Our leads our Shannyn Sossamon as one of a group of ghost-targeted twenty-somethings with an easy-to-guess past trauma (gee, wonder if it will ironically mirror the trauma of our cellular spectre?) and Edward Burns as a cop who's sister's freshly-discovered corpse yielded one of the trademark candies. They run into eachother by chance and come to not only understand but fully accept as fact the supernatural presence in their lives with bewildering speed, as though the movie is so proud of it's parade of generic jump-scares it wants to hurry the plot up to show you. How bad are we talking about? At one point, one of the leads ACTUALLY SAYS to the other "We'd better split up, we'll cover more ground" or some variation thereof. Really. At that point, I started hoping that they were actually paying homage to Miike with a pie-in-the-face of their own and that this "scary" movie was actually going to end with a talking dog yanking a rubber ghost mask off the crotchety owner of an abandoned amusement park... but no such luck.

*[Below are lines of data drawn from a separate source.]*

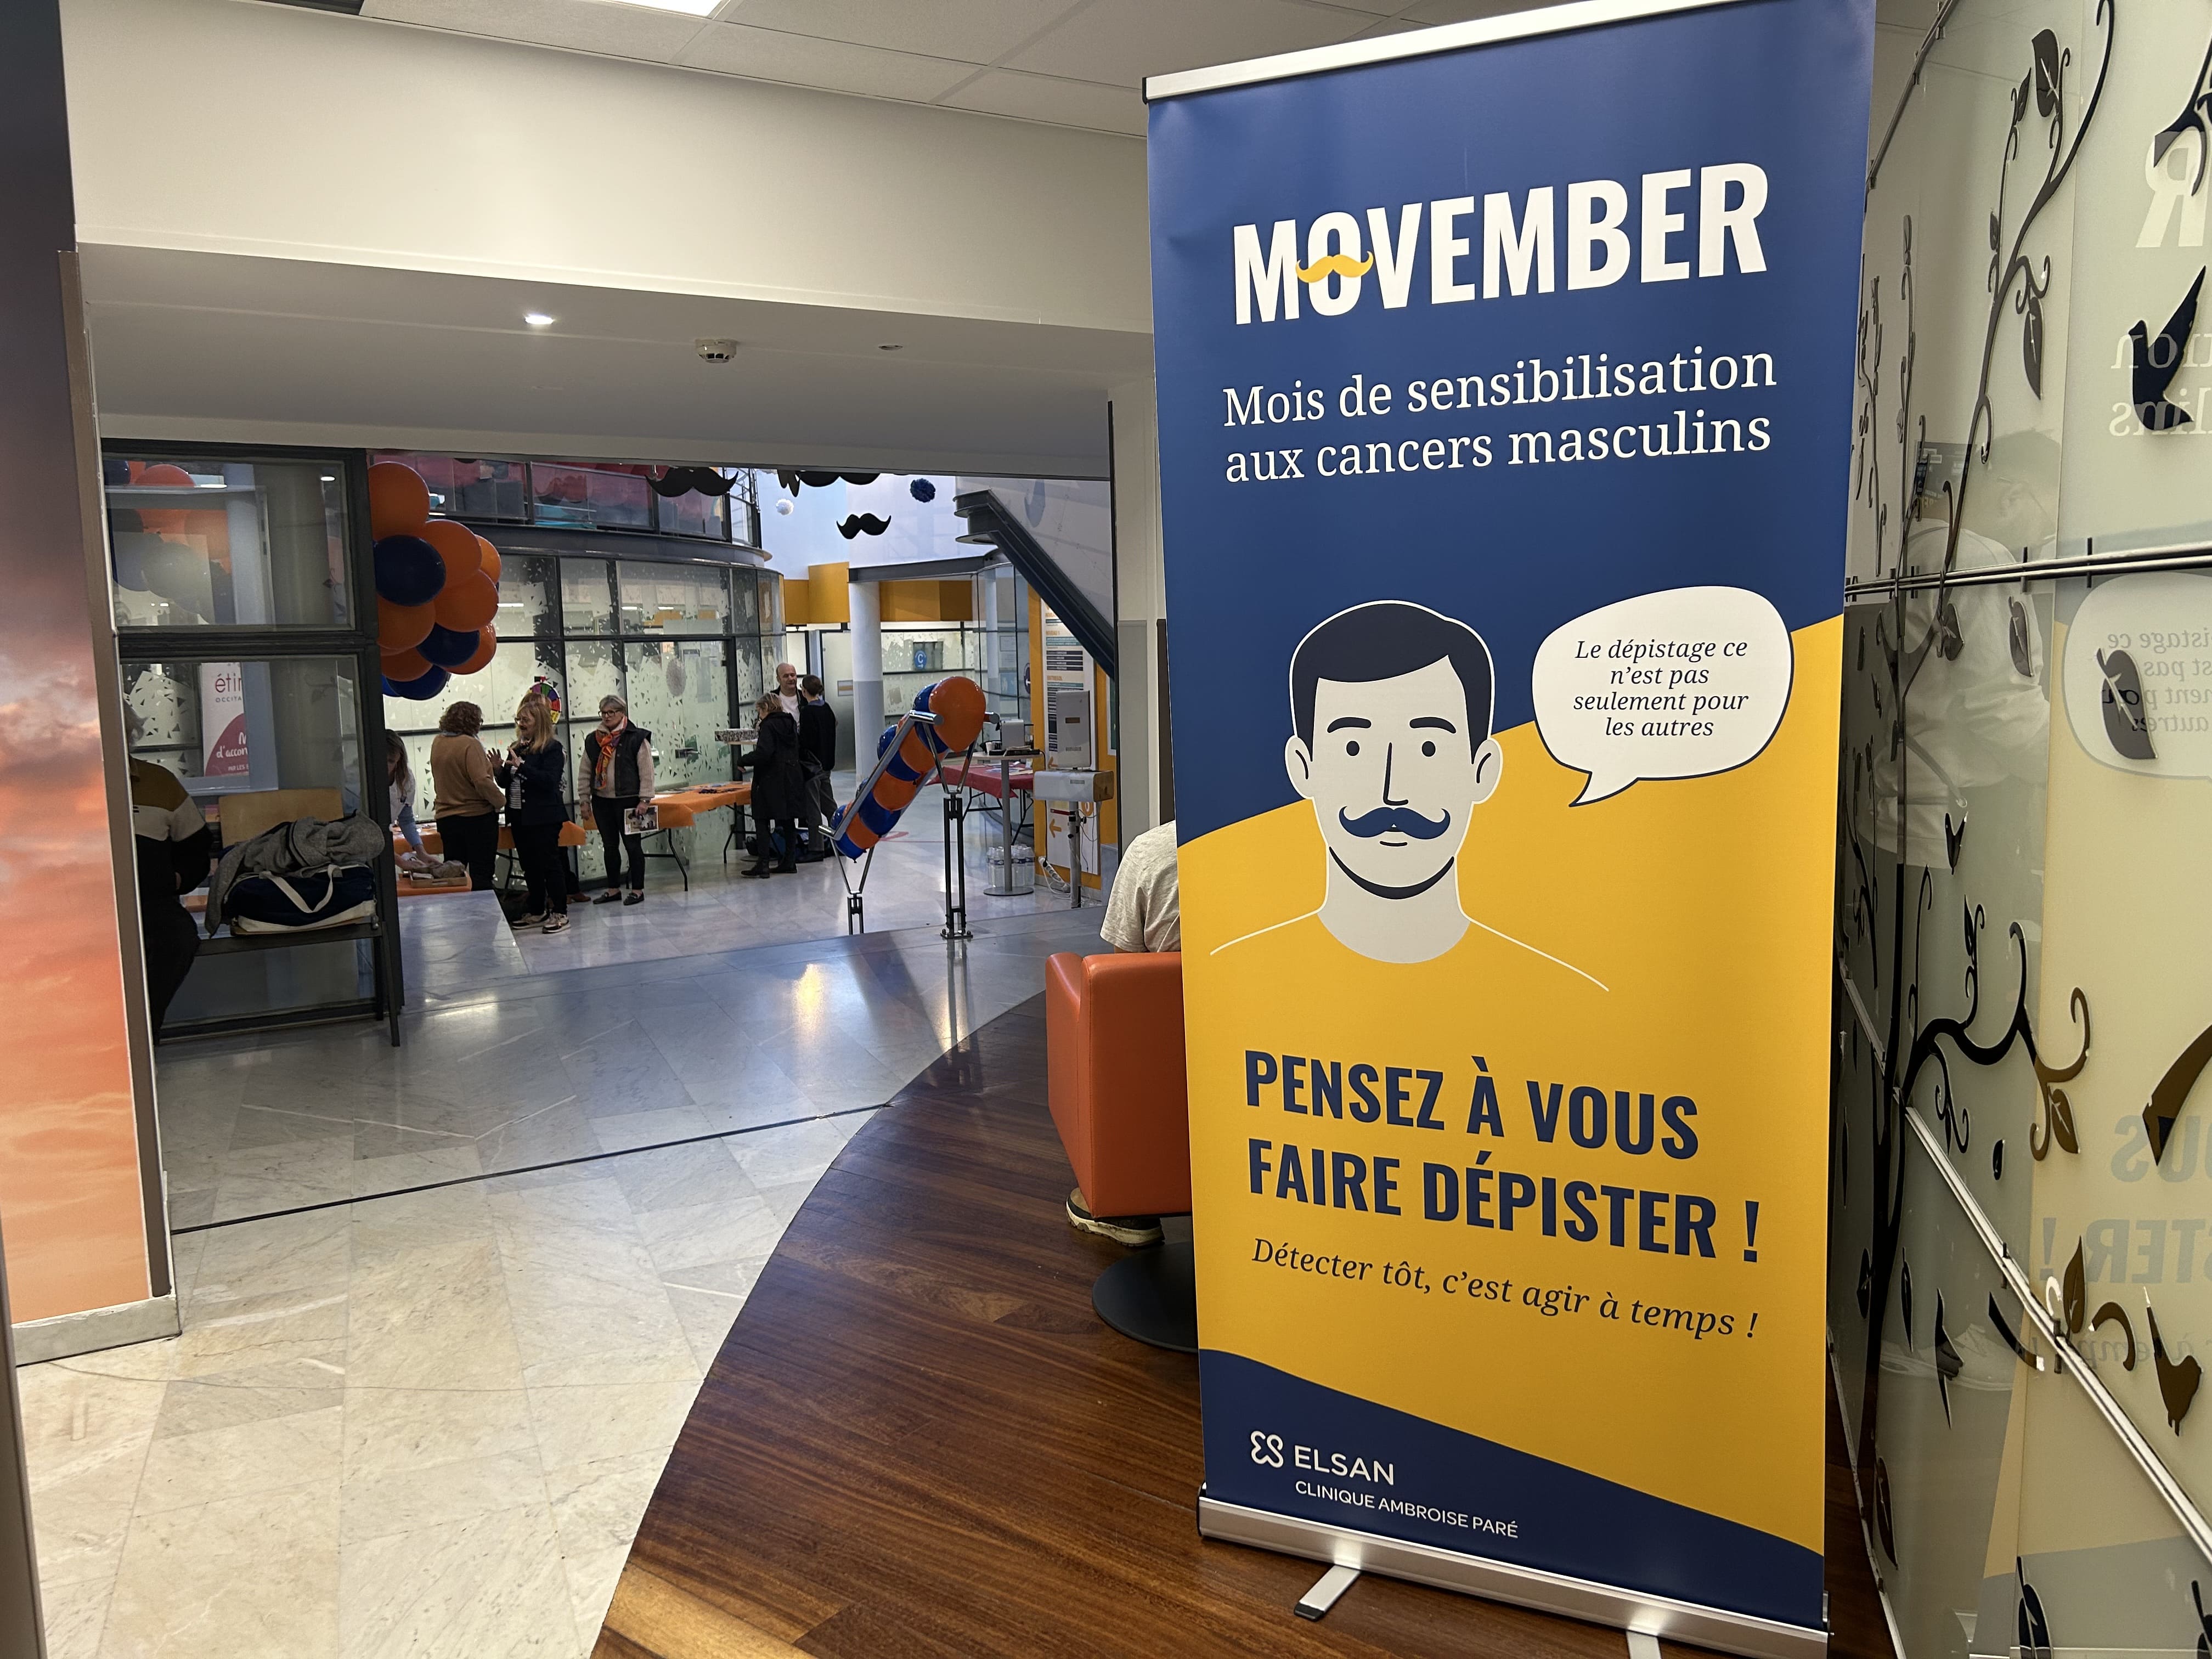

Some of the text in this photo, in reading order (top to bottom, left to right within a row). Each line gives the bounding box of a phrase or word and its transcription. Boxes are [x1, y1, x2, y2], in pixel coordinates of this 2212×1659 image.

[1233, 163, 1768, 325] MOVEMBER
[1222, 346, 1777, 427] Mois de sensibilisation
[1226, 409, 1770, 483] aux cancers masculins
[1575, 639, 1747, 664] Le dépistage ce
[1610, 667, 1709, 690] n’est pas
[1573, 691, 1749, 715] seulement pour
[1606, 717, 1714, 736] les autres
[1245, 1049, 1699, 1160] PENSEZ À VOUS
[1249, 1138, 1759, 1263] FAIRE DÉPISTER !
[1251, 1238, 1758, 1340] Détecter tôt, c’est agir à temps !
[1295, 1445, 1394, 1486] ELSAN
[1295, 1481, 1518, 1538] CLINIQUE AMBROISE PARÉ

Directing duties fell to Eric Valette, a French filmmaker whom I'm told made some fascinating genre shorts in his home country. Whatever chops he might have aren't on display here, but perhaps we'll get to see something more promising from him with the survival-horror video game adaptation "Clock Tower" (think "Resident Evil" by way of Dario Argento) which he's slated to make next. I'm not sure it's fair to judge him by this film alone, as I'm not sure that ANY filmmaker is capable of making "omigod the shadow in the upper frame is a ghost!!!!" scares actually scary anymore, let alone any of the other old-hat tricks this one throws in.

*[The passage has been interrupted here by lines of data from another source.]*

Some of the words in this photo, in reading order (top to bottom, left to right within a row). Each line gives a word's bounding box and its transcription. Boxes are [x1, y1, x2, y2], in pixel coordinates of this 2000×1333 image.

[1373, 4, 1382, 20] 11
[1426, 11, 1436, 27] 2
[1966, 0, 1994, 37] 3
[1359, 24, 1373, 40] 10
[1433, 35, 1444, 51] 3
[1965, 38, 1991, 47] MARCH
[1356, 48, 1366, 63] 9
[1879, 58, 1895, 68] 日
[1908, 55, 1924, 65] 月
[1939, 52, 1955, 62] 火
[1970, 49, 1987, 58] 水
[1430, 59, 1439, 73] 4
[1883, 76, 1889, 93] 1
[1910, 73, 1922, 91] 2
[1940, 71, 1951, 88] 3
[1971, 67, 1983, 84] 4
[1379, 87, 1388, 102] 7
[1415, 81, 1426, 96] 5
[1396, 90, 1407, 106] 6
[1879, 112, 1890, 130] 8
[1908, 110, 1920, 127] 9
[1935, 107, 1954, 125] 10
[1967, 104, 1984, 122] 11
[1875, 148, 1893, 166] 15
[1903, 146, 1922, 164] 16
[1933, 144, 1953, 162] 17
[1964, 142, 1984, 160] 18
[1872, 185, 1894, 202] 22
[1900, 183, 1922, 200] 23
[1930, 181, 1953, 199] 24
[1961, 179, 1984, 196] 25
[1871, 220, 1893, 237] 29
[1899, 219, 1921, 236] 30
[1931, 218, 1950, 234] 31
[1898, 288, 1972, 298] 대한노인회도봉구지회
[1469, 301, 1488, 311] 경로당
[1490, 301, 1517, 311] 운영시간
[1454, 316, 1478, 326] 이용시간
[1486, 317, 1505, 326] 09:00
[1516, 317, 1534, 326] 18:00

Ditto for the screenplay by Andrew Klavan, a really fine novelist/columnist who really ought to be getting better work than this. Much like the direction, the scripting here isn't so much bad as it is inescapably pointless: Every beat has been seen so often before it's almost unfair to ask ANYONE to come up with anything new to do with them.
This obviously wasn't made with bad intentions: It plays things mostly straight, there's no obnoxious comic relief, and it'd free of all but the most "well, DUH" of moralizing messages. Still, execution is what matters, and on that end "One Missed Call" is probably the worst techno-horror offering since "White Noise."